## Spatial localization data
****************
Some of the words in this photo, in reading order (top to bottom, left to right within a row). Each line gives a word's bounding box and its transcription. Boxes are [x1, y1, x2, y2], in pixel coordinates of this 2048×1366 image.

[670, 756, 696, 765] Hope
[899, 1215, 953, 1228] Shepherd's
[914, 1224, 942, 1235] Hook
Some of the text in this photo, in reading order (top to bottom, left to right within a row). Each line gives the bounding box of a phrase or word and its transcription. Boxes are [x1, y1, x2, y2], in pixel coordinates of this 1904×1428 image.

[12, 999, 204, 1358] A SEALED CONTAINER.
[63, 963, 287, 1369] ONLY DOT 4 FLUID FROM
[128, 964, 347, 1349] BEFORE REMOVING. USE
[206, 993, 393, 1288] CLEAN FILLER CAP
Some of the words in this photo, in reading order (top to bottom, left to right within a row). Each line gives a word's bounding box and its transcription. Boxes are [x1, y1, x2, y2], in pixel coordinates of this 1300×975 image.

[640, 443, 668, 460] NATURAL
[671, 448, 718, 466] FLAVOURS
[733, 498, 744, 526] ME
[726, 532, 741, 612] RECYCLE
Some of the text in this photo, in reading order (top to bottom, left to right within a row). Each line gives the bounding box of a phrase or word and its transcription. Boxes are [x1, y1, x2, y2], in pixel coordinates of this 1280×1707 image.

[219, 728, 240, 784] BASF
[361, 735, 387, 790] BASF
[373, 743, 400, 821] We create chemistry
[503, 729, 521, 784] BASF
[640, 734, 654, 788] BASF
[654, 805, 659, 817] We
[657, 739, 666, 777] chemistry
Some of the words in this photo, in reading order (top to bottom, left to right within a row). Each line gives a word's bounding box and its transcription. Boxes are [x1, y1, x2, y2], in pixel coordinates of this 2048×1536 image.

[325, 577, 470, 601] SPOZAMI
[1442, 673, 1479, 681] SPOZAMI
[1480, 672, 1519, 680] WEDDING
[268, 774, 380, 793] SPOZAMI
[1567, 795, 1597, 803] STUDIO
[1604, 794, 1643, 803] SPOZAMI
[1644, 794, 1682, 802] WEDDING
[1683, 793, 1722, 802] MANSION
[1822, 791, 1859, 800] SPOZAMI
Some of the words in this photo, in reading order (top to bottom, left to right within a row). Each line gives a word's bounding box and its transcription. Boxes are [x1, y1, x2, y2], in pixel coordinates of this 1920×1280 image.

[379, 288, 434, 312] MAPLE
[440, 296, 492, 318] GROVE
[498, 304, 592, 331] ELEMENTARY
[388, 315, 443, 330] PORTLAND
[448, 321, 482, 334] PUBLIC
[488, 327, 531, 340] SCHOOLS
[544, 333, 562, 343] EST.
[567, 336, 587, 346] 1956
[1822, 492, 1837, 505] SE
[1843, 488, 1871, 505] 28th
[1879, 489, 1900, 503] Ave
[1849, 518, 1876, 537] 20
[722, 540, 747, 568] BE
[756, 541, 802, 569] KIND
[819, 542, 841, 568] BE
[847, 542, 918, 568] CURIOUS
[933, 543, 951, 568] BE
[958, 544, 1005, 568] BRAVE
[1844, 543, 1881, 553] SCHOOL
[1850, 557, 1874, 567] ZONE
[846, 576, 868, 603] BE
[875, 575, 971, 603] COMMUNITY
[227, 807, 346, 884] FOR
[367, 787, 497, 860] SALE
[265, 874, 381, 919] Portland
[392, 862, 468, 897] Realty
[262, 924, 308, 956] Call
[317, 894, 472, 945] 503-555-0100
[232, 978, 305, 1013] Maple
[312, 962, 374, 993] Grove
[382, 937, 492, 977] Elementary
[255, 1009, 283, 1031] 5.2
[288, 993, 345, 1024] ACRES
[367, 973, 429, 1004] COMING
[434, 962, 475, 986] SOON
****************
## WHAT TO WORK ON
Each of the entries above should be written out again exactly.

## EXERCISE OUTPUT
Some of the words in this photo, in reading order (top to bottom, left to right within a row). Each line gives a word's bounding box and its transcription. Boxes are [x1, y1, x2, y2], in pixel coordinates of this 2048×1366 image.

[670, 756, 696, 765] Hope
[899, 1215, 953, 1228] Shepherd's
[914, 1224, 942, 1235] Hook
Some of the text in this photo, in reading order (top to bottom, left to right within a row). Each line gives the bounding box of a phrase or word and its transcription. Boxes are [x1, y1, x2, y2], in pixel coordinates of this 1904×1428 image.

[12, 999, 204, 1358] A SEALED CONTAINER.
[63, 963, 287, 1369] ONLY DOT 4 FLUID FROM
[128, 964, 347, 1349] BEFORE REMOVING. USE
[206, 993, 393, 1288] CLEAN FILLER CAP
Some of the words in this photo, in reading order (top to bottom, left to right within a row). Each line gives a word's bounding box and its transcription. Boxes are [x1, y1, x2, y2], in pixel coordinates of this 1300×975 image.

[640, 443, 668, 460] NATURAL
[671, 448, 718, 466] FLAVOURS
[733, 498, 744, 526] ME
[726, 532, 741, 612] RECYCLE
Some of the text in this photo, in reading order (top to bottom, left to right within a row). Each line gives the bounding box of a phrase or word and its transcription. Boxes are [x1, y1, x2, y2], in pixel coordinates of this 1280×1707 image.

[219, 728, 240, 784] BASF
[361, 735, 387, 790] BASF
[373, 743, 400, 821] We create chemistry
[503, 729, 521, 784] BASF
[640, 734, 654, 788] BASF
[654, 805, 659, 817] We
[657, 739, 666, 777] chemistry
Some of the words in this photo, in reading order (top to bottom, left to right within a row). Each line gives a word's bounding box and its transcription. Boxes are [x1, y1, x2, y2], in pixel coordinates of this 2048×1536 image.

[325, 577, 470, 601] SPOZAMI
[1442, 673, 1479, 681] SPOZAMI
[1480, 672, 1519, 680] WEDDING
[268, 774, 380, 793] SPOZAMI
[1567, 795, 1597, 803] STUDIO
[1604, 794, 1643, 803] SPOZAMI
[1644, 794, 1682, 802] WEDDING
[1683, 793, 1722, 802] MANSION
[1822, 791, 1859, 800] SPOZAMI
Some of the words in this photo, in reading order (top to bottom, left to right within a row). Each line gives a word's bounding box and its transcription. Boxes are [x1, y1, x2, y2], in pixel coordinates of this 1920×1280 image.

[379, 288, 434, 312] MAPLE
[440, 296, 492, 318] GROVE
[498, 304, 592, 331] ELEMENTARY
[388, 315, 443, 330] PORTLAND
[448, 321, 482, 334] PUBLIC
[488, 327, 531, 340] SCHOOLS
[544, 333, 562, 343] EST.
[567, 336, 587, 346] 1956
[1822, 492, 1837, 505] SE
[1843, 488, 1871, 505] 28th
[1879, 489, 1900, 503] Ave
[1849, 518, 1876, 537] 20
[722, 540, 747, 568] BE
[756, 541, 802, 569] KIND
[819, 542, 841, 568] BE
[847, 542, 918, 568] CURIOUS
[933, 543, 951, 568] BE
[958, 544, 1005, 568] BRAVE
[1844, 543, 1881, 553] SCHOOL
[1850, 557, 1874, 567] ZONE
[846, 576, 868, 603] BE
[875, 575, 971, 603] COMMUNITY
[227, 807, 346, 884] FOR
[367, 787, 497, 860] SALE
[265, 874, 381, 919] Portland
[392, 862, 468, 897] Realty
[262, 924, 308, 956] Call
[317, 894, 472, 945] 503-555-0100
[232, 978, 305, 1013] Maple
[312, 962, 374, 993] Grove
[382, 937, 492, 977] Elementary
[255, 1009, 283, 1031] 5.2
[288, 993, 345, 1024] ACRES
[367, 973, 429, 1004] COMING
[434, 962, 475, 986] SOON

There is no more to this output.